> YOUR TASK
Retype exactly the lines that run from the line with "this 1725×2156 image." to the final line of the entries, keeping both ends and nothing else.

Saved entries
━━━

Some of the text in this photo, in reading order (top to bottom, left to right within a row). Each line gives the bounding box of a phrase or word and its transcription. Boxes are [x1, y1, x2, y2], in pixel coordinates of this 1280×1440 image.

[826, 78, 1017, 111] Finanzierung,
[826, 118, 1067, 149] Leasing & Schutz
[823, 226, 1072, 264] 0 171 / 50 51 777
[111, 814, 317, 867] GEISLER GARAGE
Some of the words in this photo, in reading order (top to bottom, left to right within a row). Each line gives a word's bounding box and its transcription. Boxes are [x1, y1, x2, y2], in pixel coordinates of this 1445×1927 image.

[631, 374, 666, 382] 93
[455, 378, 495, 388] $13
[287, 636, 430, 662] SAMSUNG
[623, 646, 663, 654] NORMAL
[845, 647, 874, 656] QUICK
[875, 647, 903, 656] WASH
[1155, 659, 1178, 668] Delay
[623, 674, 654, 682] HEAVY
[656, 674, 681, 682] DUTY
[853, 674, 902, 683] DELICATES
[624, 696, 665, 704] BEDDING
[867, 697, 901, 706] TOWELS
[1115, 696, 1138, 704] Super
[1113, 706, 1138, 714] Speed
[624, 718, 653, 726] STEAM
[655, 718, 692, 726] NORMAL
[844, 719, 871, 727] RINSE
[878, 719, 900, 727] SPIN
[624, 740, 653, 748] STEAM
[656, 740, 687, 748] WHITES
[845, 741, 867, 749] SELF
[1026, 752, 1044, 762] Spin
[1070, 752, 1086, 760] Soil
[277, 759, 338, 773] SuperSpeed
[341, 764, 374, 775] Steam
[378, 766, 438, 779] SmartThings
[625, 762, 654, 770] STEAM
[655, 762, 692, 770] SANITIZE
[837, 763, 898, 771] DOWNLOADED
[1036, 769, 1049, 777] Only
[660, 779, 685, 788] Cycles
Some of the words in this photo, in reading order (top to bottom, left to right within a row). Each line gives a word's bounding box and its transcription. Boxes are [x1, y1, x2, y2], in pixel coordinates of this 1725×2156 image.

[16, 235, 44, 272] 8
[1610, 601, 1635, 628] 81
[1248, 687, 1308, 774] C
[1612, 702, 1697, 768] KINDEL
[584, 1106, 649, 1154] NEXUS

━━━

> EXERCISE SOLUTION
Some of the words in this photo, in reading order (top to bottom, left to right within a row). Each line gives a word's bounding box and its transcription. Boxes are [x1, y1, x2, y2], in pixel coordinates of this 1725×2156 image.

[16, 235, 44, 272] 8
[1610, 601, 1635, 628] 81
[1248, 687, 1308, 774] C
[1612, 702, 1697, 768] KINDEL
[584, 1106, 649, 1154] NEXUS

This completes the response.